Task brief: Apart from the images, output the data below exactly.

Supplied data:
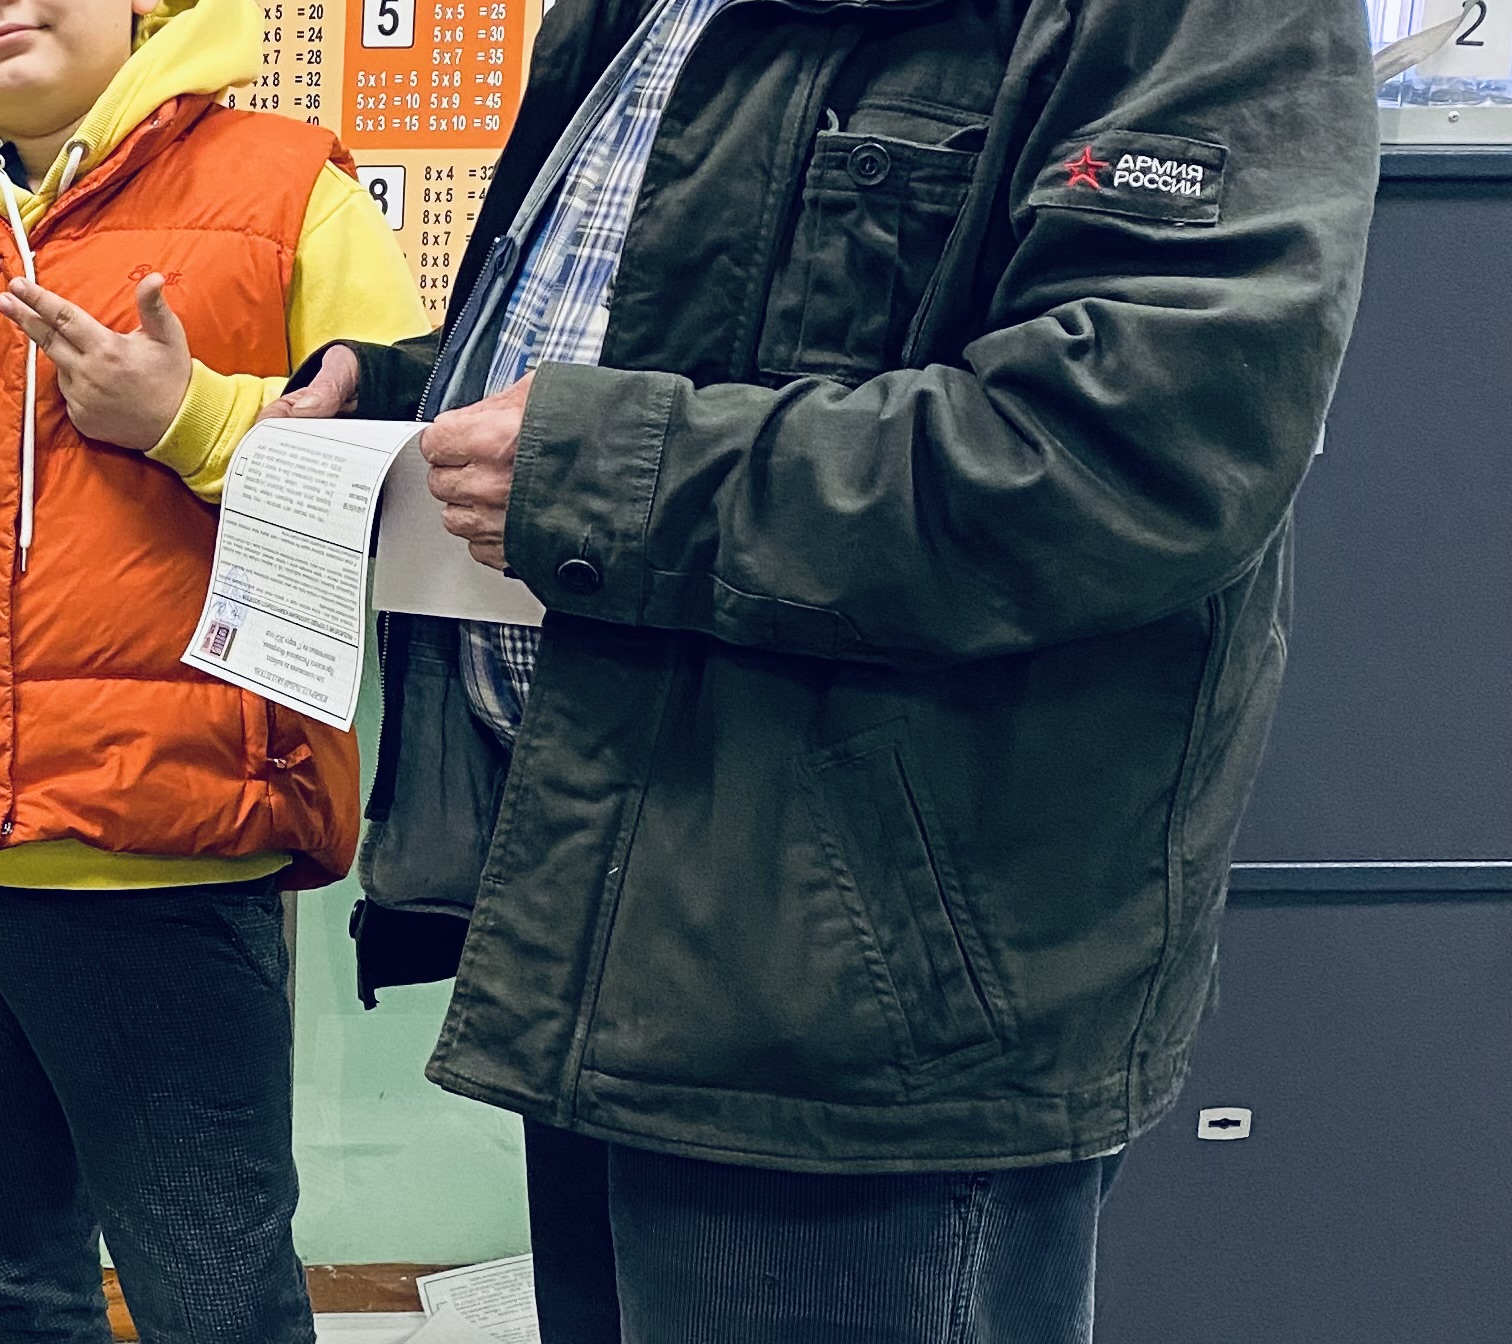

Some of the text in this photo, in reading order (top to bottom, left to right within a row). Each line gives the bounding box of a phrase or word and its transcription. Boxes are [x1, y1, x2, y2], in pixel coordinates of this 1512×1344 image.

[433, 26, 442, 43] 5
[455, 26, 464, 43] 6
[489, 25, 505, 42] 30
[357, 71, 366, 87] 5
[380, 71, 386, 87] 1
[409, 70, 418, 87] 5
[431, 70, 440, 87] 5
[453, 70, 461, 87] 8
[486, 70, 503, 87] 40
[249, 93, 258, 110] 4
[271, 93, 280, 110] 9
[305, 93, 321, 110] 36
[355, 115, 364, 132] 5
[377, 115, 386, 131] 3
[404, 115, 419, 131] 15
[428, 115, 437, 131] 5
[451, 115, 467, 131] 10
[484, 114, 500, 131] 50
[424, 165, 432, 182] 8
[446, 165, 455, 181] 4
[1116, 153, 1204, 182] АРМИЯ
[1113, 170, 1201, 197] РОССИИ
[422, 209, 430, 225] 8
[444, 209, 453, 225] 6
[420, 252, 428, 268] 8
[442, 252, 450, 268] 8
[419, 274, 427, 290] 8
[441, 273, 449, 289] 9
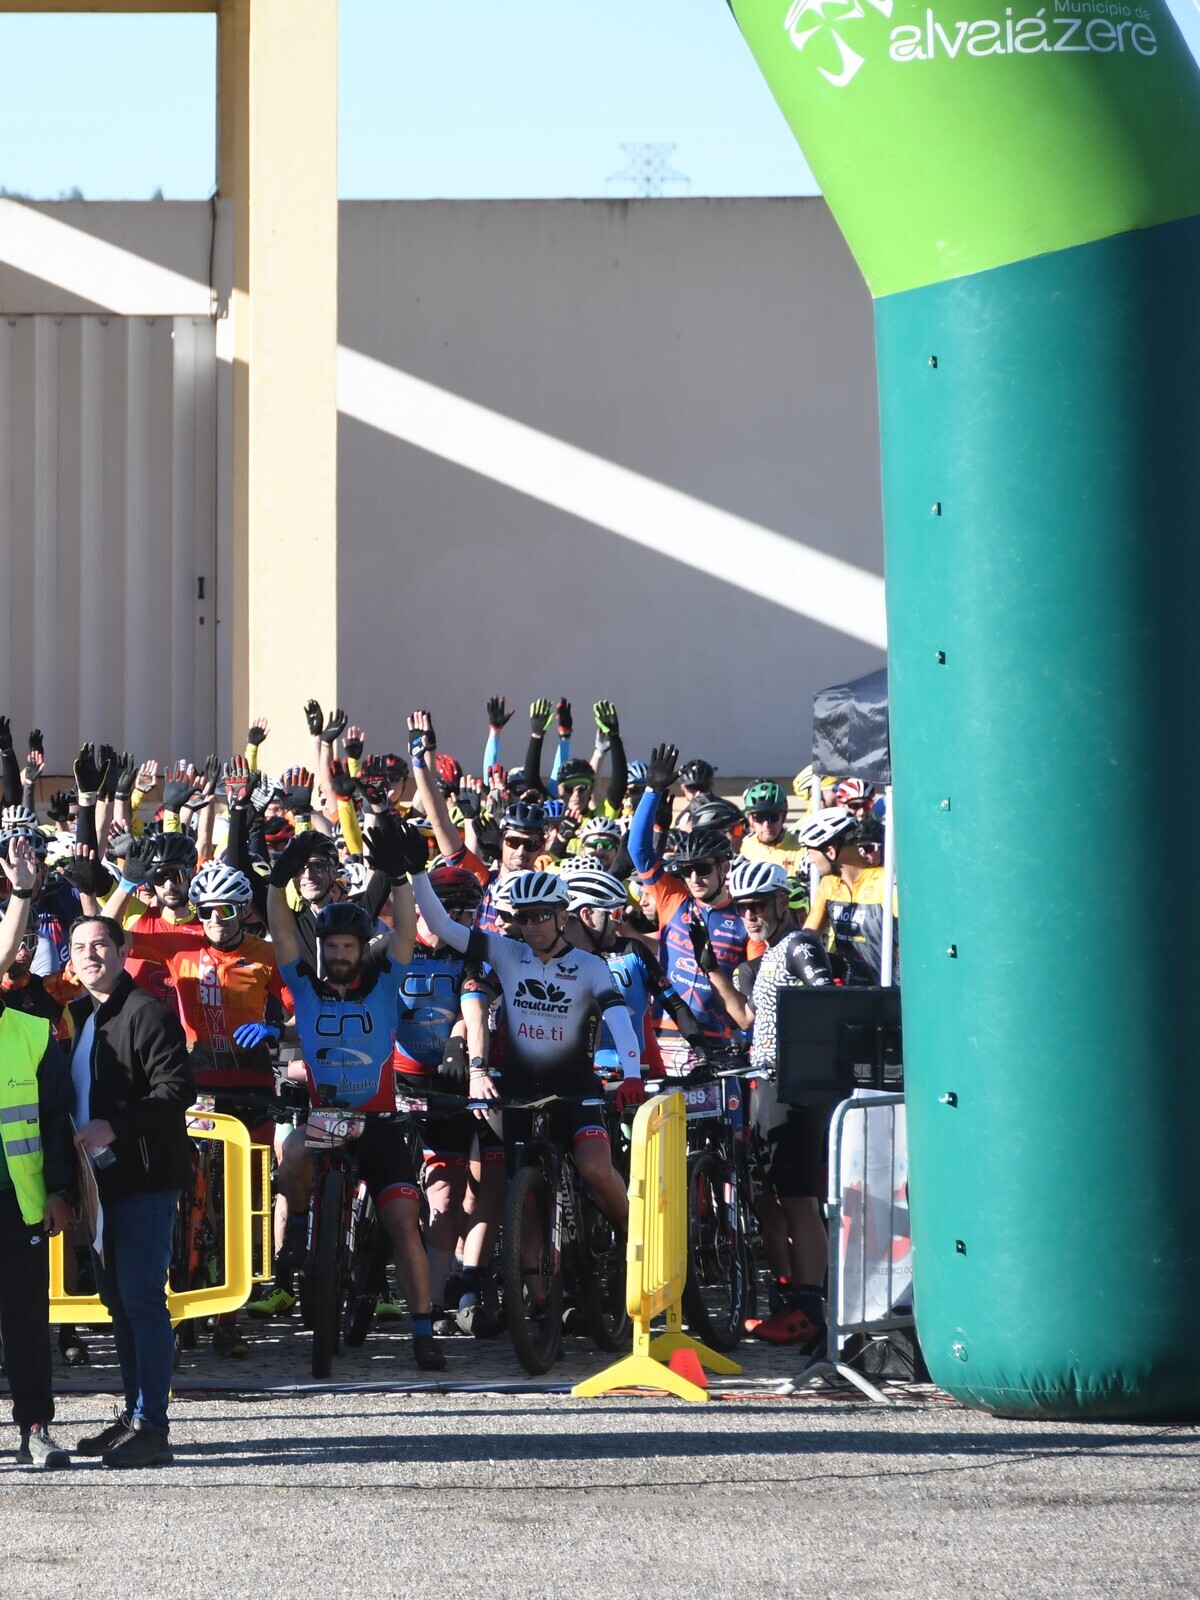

Answer space:
Some of the text in this photo, in reading order (top to bottom, left to right within a row). Each line gives the bounding box of a phrase or word and its transcription. Boxes are [x1, y1, x2, y2], in pixel coordinates of this 1512×1344 image.

[433, 26, 442, 43] 5
[455, 26, 464, 43] 6
[489, 25, 505, 42] 30
[357, 71, 366, 87] 5
[380, 71, 386, 87] 1
[409, 70, 418, 87] 5
[431, 70, 440, 87] 5
[453, 70, 461, 87] 8
[486, 70, 503, 87] 40
[249, 93, 258, 110] 4
[271, 93, 280, 110] 9
[305, 93, 321, 110] 36
[355, 115, 364, 132] 5
[377, 115, 386, 131] 3
[404, 115, 419, 131] 15
[428, 115, 437, 131] 5
[451, 115, 467, 131] 10
[484, 114, 500, 131] 50
[424, 165, 432, 182] 8
[446, 165, 455, 181] 4
[1116, 153, 1204, 182] АРМИЯ
[1113, 170, 1201, 197] РОССИИ
[422, 209, 430, 225] 8
[444, 209, 453, 225] 6
[420, 252, 428, 268] 8
[442, 252, 450, 268] 8
[419, 274, 427, 290] 8
[441, 273, 449, 289] 9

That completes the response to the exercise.